## EXERCISE PROMPT
Every entry below should be reproduced exactly, with all pictures left out.

(Spatial localization data)

• • • • • • •

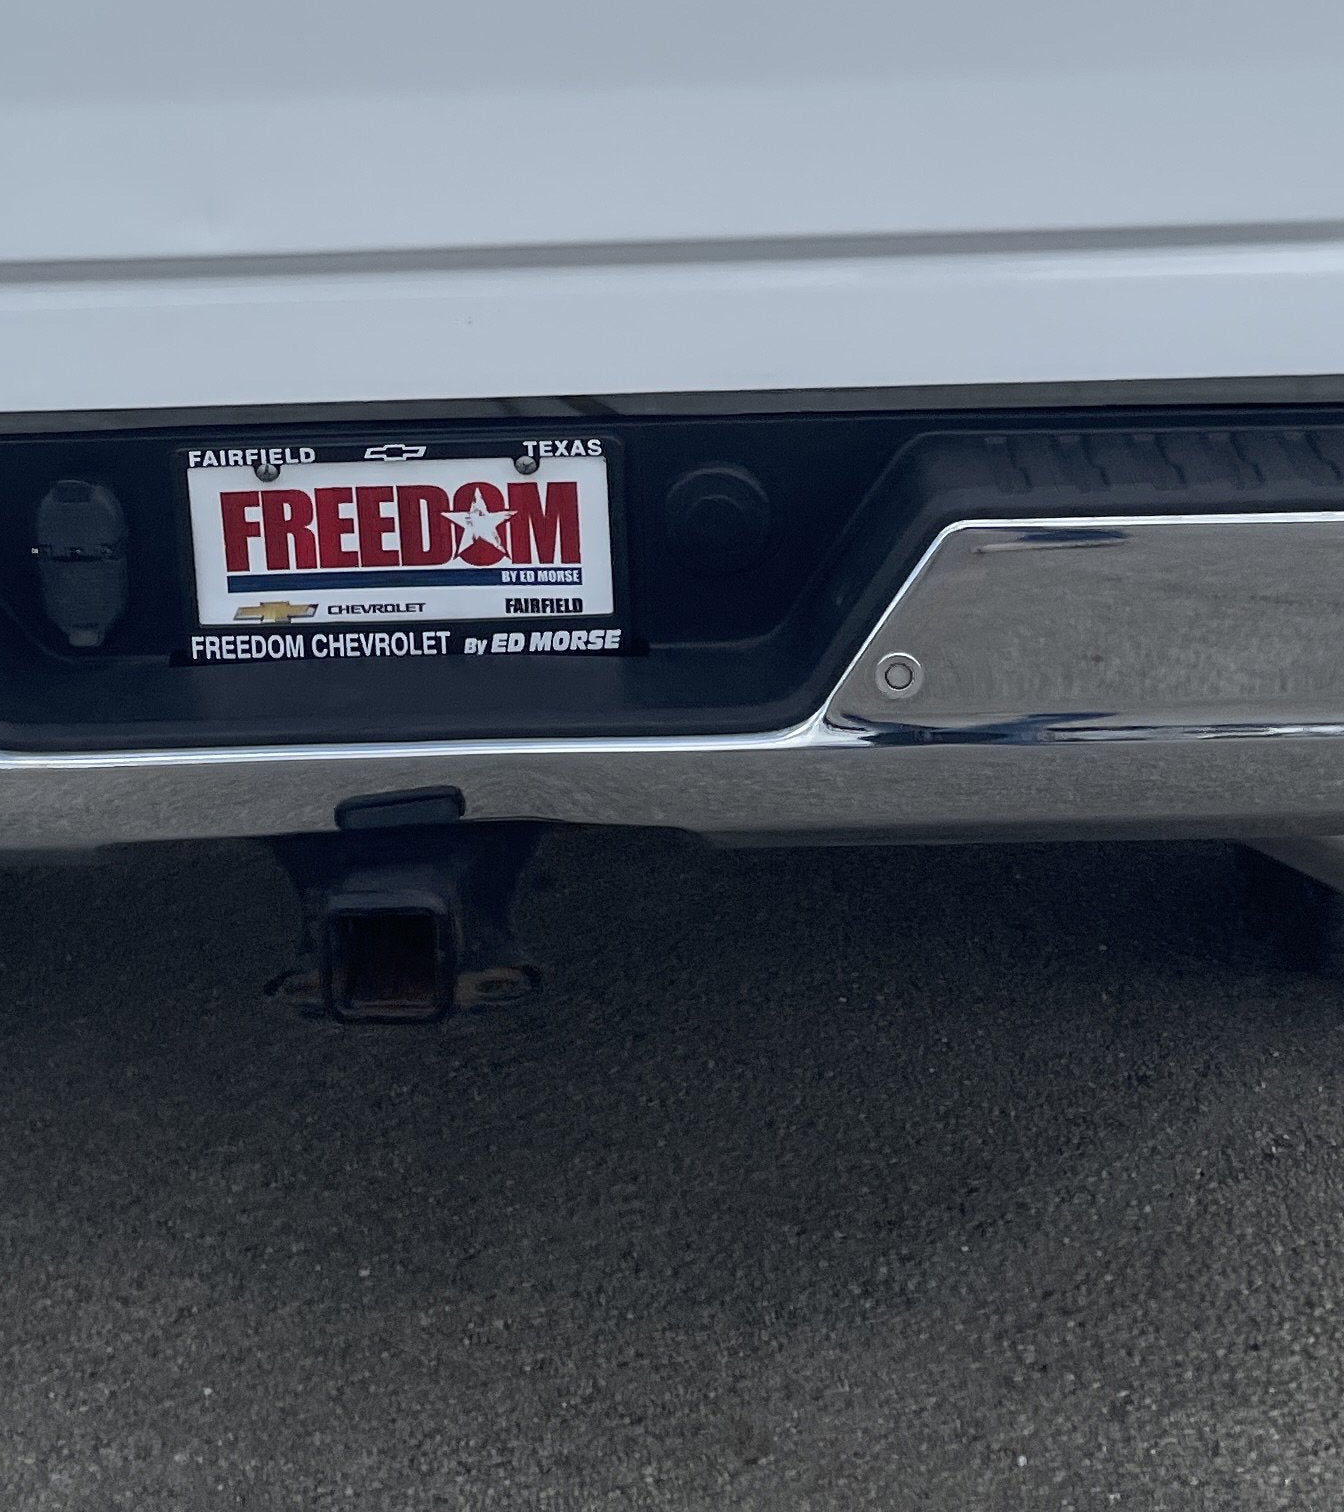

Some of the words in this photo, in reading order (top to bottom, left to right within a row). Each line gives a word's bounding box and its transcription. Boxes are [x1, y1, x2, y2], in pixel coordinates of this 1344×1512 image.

[523, 440, 603, 457] TEXAS
[188, 448, 316, 467] FAIRFIELD
[219, 481, 582, 572] FREEDOM
[501, 571, 518, 583] BY
[520, 570, 535, 582] ED
[537, 569, 580, 582] MORSE
[327, 602, 426, 615] CHEVROLET
[505, 598, 583, 614] FAIRFIELD
[191, 636, 305, 659] FREEDOM
[311, 631, 450, 657] CHEVROLET
[464, 637, 488, 656] By
[491, 634, 525, 653] ED
[529, 629, 622, 652] MORSE

• • • • • • •

## SOLUTION FOR THIS PROBLEM
Some of the words in this photo, in reading order (top to bottom, left to right within a row). Each line gives a word's bounding box and its transcription. Boxes are [x1, y1, x2, y2], in pixel coordinates of this 1344×1512 image.

[523, 440, 603, 457] TEXAS
[188, 448, 316, 467] FAIRFIELD
[219, 481, 582, 572] FREEDOM
[501, 571, 518, 583] BY
[520, 570, 535, 582] ED
[537, 569, 580, 582] MORSE
[327, 602, 426, 615] CHEVROLET
[505, 598, 583, 614] FAIRFIELD
[191, 636, 305, 659] FREEDOM
[311, 631, 450, 657] CHEVROLET
[464, 637, 488, 656] By
[491, 634, 525, 653] ED
[529, 629, 622, 652] MORSE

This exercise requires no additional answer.